# EXERCISE DESCRIPTION:
Repeat the records exactly, so that each line matches the original.

# Stored data:
────────────────────────────────────────
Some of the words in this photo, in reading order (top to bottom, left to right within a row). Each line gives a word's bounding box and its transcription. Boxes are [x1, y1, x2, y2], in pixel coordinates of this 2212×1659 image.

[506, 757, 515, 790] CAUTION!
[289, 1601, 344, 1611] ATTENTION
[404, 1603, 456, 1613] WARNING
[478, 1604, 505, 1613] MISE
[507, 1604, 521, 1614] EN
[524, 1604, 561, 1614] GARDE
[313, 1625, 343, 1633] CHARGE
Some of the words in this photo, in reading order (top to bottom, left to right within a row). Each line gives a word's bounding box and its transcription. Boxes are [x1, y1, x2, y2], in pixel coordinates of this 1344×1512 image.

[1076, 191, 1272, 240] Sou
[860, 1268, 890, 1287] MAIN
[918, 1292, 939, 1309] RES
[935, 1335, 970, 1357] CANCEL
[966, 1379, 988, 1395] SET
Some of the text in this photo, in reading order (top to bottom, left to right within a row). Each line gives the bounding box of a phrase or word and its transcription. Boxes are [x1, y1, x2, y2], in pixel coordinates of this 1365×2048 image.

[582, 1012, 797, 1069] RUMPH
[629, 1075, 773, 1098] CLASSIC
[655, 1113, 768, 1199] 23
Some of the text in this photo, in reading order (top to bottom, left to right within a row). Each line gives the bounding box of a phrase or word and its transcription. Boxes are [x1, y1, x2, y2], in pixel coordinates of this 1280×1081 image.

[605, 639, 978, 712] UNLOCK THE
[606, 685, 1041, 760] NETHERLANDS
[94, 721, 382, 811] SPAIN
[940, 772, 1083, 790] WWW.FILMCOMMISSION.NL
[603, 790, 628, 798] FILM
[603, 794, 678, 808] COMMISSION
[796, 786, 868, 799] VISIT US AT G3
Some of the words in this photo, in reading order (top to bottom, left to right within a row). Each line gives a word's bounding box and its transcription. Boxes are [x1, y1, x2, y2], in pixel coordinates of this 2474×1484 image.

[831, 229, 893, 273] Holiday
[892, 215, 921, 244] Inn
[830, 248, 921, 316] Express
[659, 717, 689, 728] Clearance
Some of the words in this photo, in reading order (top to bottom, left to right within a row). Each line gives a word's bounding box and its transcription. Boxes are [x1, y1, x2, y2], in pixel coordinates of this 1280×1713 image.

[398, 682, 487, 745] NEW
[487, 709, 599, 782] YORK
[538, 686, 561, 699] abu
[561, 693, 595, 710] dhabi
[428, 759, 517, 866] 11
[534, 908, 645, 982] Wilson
────────────────────────────────────────
# RESULT OF THE TASK:
Some of the words in this photo, in reading order (top to bottom, left to right within a row). Each line gives a word's bounding box and its transcription. Boxes are [x1, y1, x2, y2], in pixel coordinates of this 2212×1659 image.

[506, 757, 515, 790] CAUTION!
[289, 1601, 344, 1611] ATTENTION
[404, 1603, 456, 1613] WARNING
[478, 1604, 505, 1613] MISE
[507, 1604, 521, 1614] EN
[524, 1604, 561, 1614] GARDE
[313, 1625, 343, 1633] CHARGE
Some of the words in this photo, in reading order (top to bottom, left to right within a row). Each line gives a word's bounding box and its transcription. Boxes are [x1, y1, x2, y2], in pixel coordinates of this 1344×1512 image.

[1076, 191, 1272, 240] Sou
[860, 1268, 890, 1287] MAIN
[918, 1292, 939, 1309] RES
[935, 1335, 970, 1357] CANCEL
[966, 1379, 988, 1395] SET
Some of the text in this photo, in reading order (top to bottom, left to right within a row). Each line gives the bounding box of a phrase or word and its transcription. Boxes are [x1, y1, x2, y2], in pixel coordinates of this 1365×2048 image.

[582, 1012, 797, 1069] RUMPH
[629, 1075, 773, 1098] CLASSIC
[655, 1113, 768, 1199] 23
Some of the text in this photo, in reading order (top to bottom, left to right within a row). Each line gives the bounding box of a phrase or word and its transcription. Boxes are [x1, y1, x2, y2], in pixel coordinates of this 1280×1081 image.

[605, 639, 978, 712] UNLOCK THE
[606, 685, 1041, 760] NETHERLANDS
[94, 721, 382, 811] SPAIN
[940, 772, 1083, 790] WWW.FILMCOMMISSION.NL
[603, 790, 628, 798] FILM
[603, 794, 678, 808] COMMISSION
[796, 786, 868, 799] VISIT US AT G3
Some of the words in this photo, in reading order (top to bottom, left to right within a row). Each line gives a word's bounding box and its transcription. Boxes are [x1, y1, x2, y2], in pixel coordinates of this 2474×1484 image.

[831, 229, 893, 273] Holiday
[892, 215, 921, 244] Inn
[830, 248, 921, 316] Express
[659, 717, 689, 728] Clearance
Some of the words in this photo, in reading order (top to bottom, left to right within a row). Each line gives a word's bounding box and its transcription. Boxes are [x1, y1, x2, y2], in pixel coordinates of this 1280×1713 image.

[398, 682, 487, 745] NEW
[487, 709, 599, 782] YORK
[538, 686, 561, 699] abu
[561, 693, 595, 710] dhabi
[428, 759, 517, 866] 11
[534, 908, 645, 982] Wilson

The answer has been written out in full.